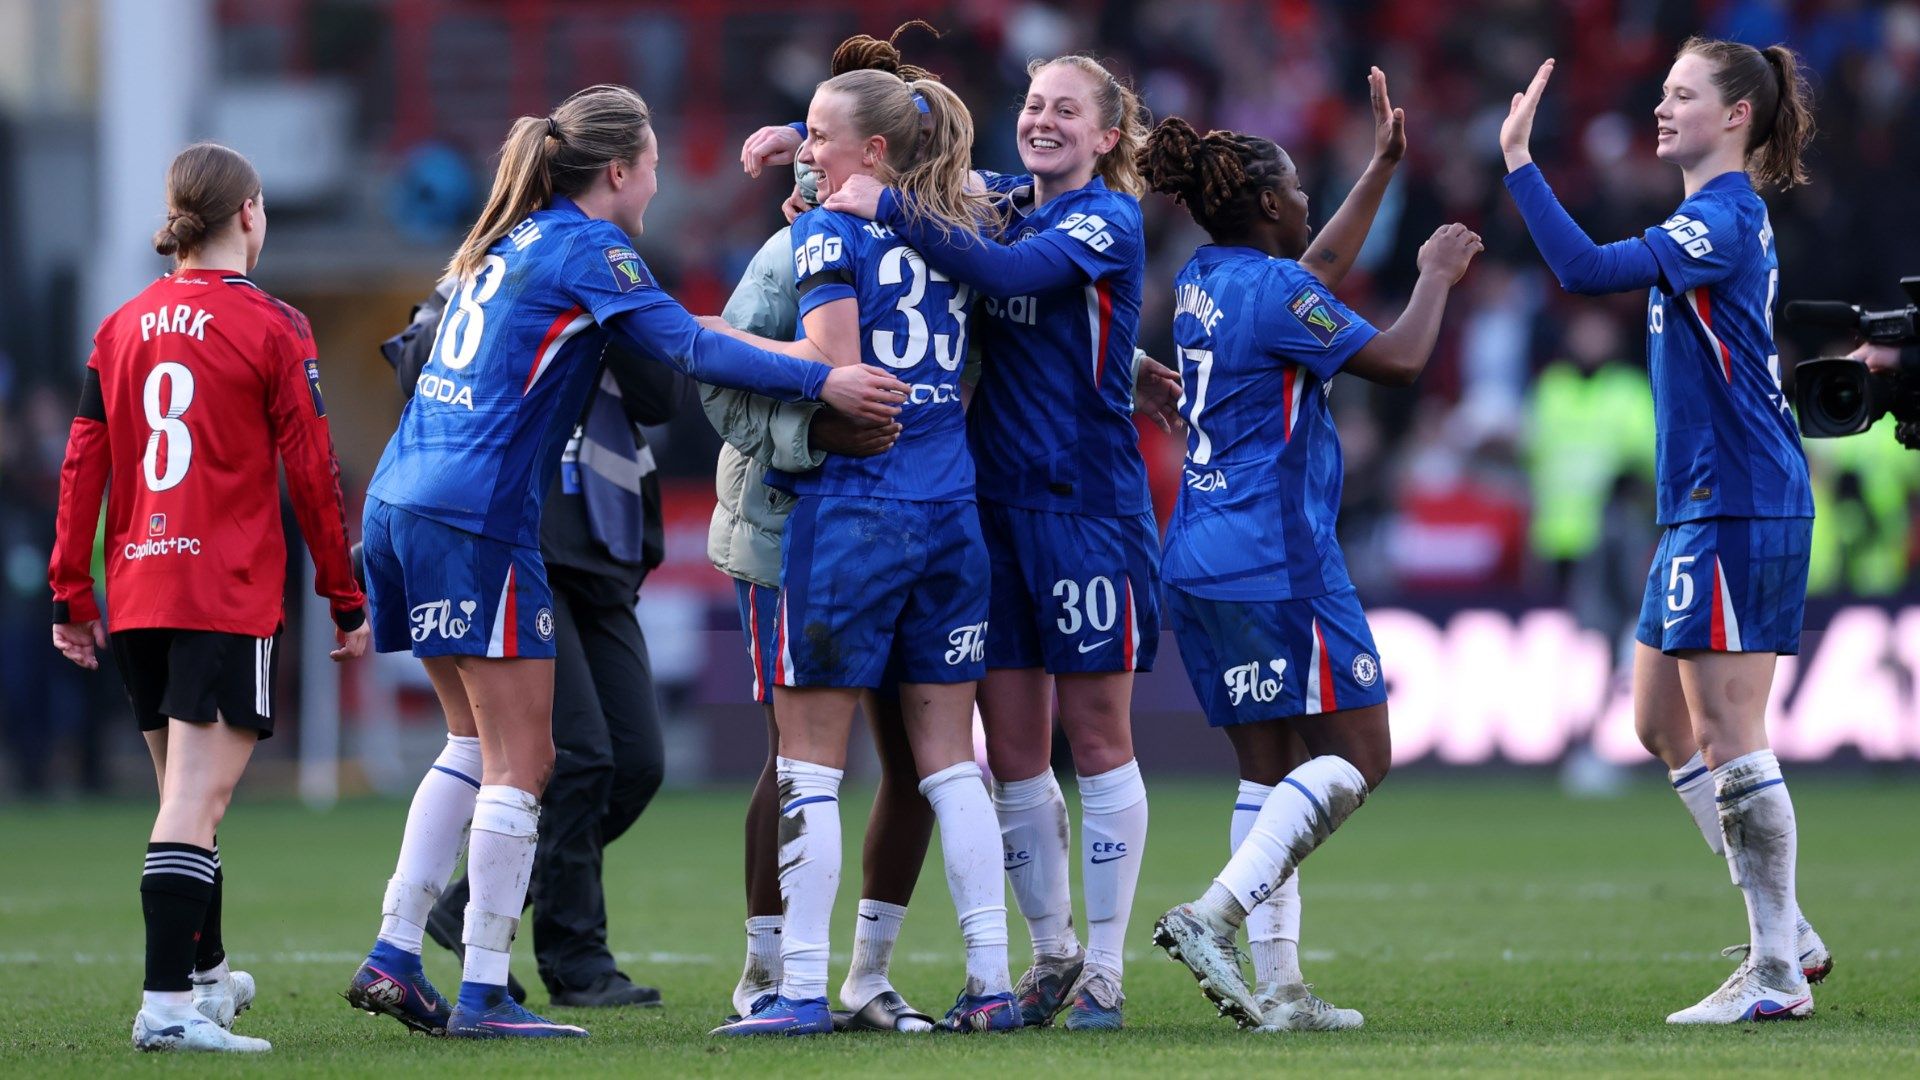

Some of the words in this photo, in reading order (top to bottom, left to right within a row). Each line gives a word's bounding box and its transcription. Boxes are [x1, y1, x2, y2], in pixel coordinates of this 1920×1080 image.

[796, 236, 841, 274] FPT
[141, 304, 214, 342] PARK
[872, 246, 970, 371] 33
[142, 361, 195, 492] 8
[1053, 576, 1117, 635] 30
[1667, 556, 1695, 612] 5
[411, 599, 472, 642] Flo
[1223, 661, 1283, 706] Flo
[1004, 850, 1029, 861] FC
[1092, 842, 1127, 852] CFC
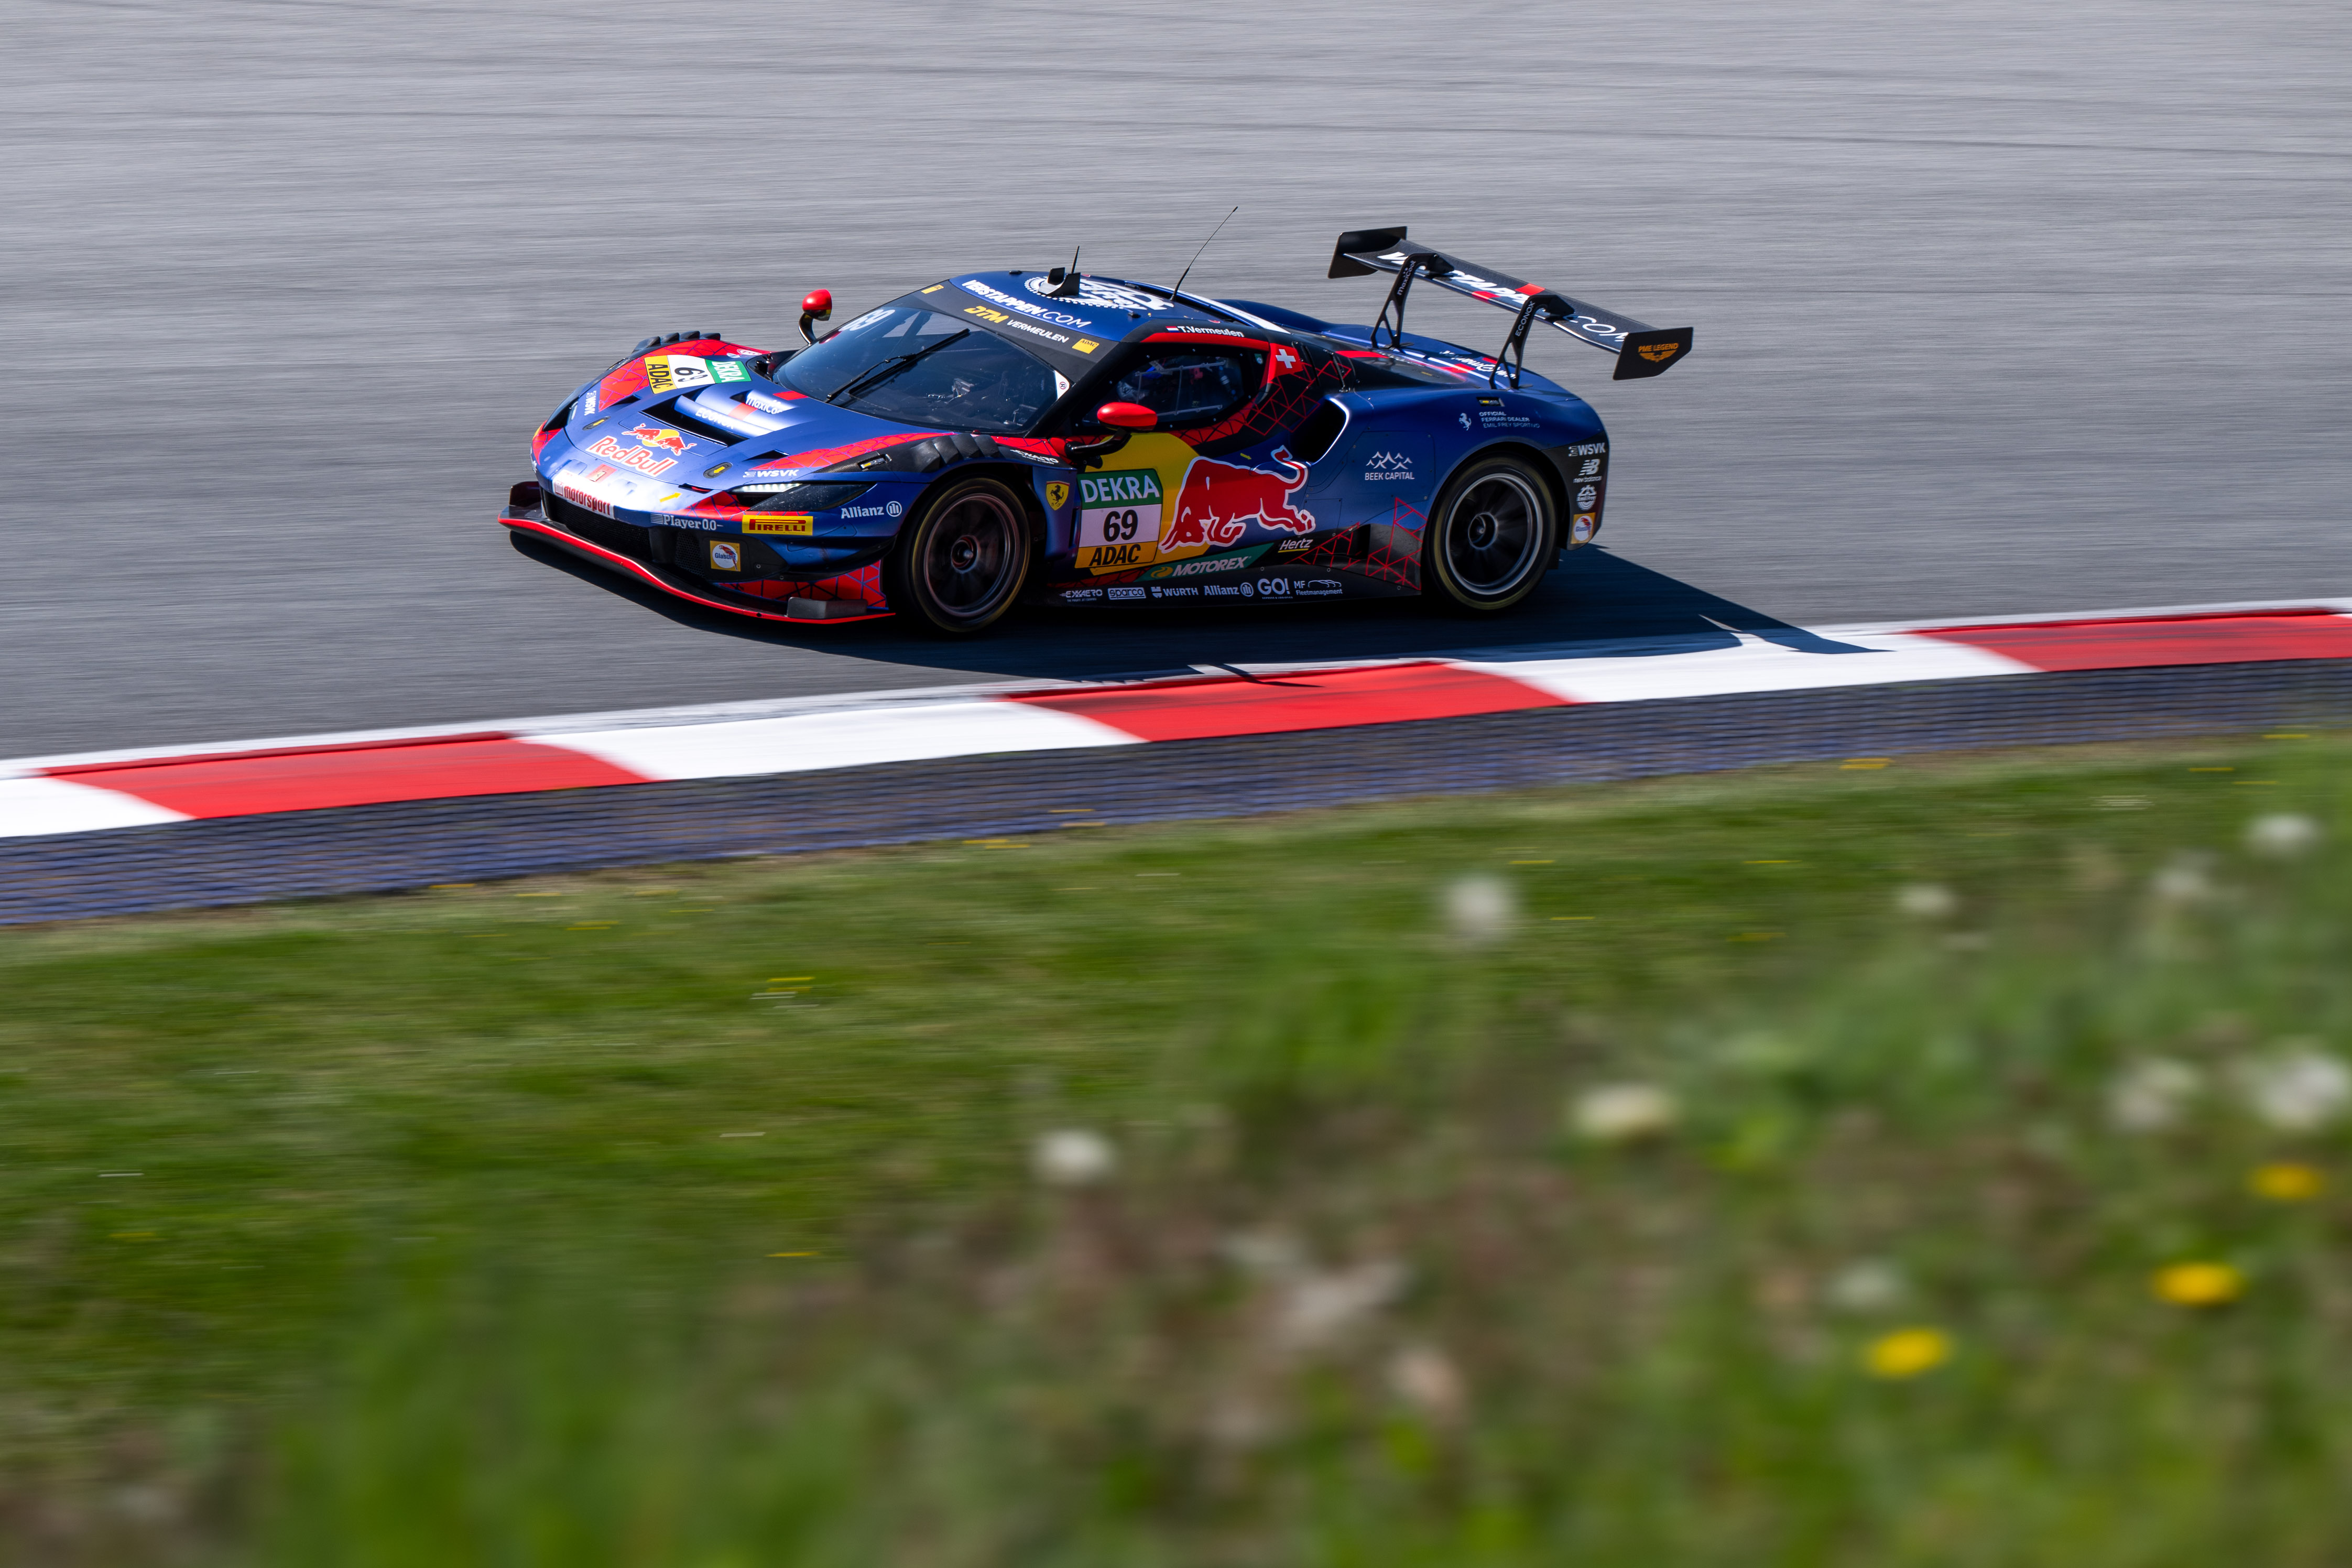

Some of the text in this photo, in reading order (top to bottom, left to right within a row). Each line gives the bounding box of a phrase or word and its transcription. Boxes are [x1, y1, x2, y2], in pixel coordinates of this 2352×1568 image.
____________________
Problem to work on » Once the pictures are dropped, set down everything else in the records exactly.

Reply »
Some of the words in this photo, in reading order (top to bottom, left to right within a row). Each line gives a word's bounding box and its transcription. Boxes are [x1, y1, x2, y2], in pixel coordinates of this 1920×1080 image.

[796, 236, 841, 274] FPT
[141, 304, 214, 342] PARK
[872, 246, 970, 371] 33
[142, 361, 195, 492] 8
[1053, 576, 1117, 635] 30
[1667, 556, 1695, 612] 5
[411, 599, 472, 642] Flo
[1223, 661, 1283, 706] Flo
[1004, 850, 1029, 861] FC
[1092, 842, 1127, 852] CFC

Some of the text in this photo, in reading order (top to bottom, left to right within a row). Each line gives the bounding box of a phrase or word and its transcription. Boxes are [x1, y1, x2, y2], in pixel coordinates of this 2352×1568 image.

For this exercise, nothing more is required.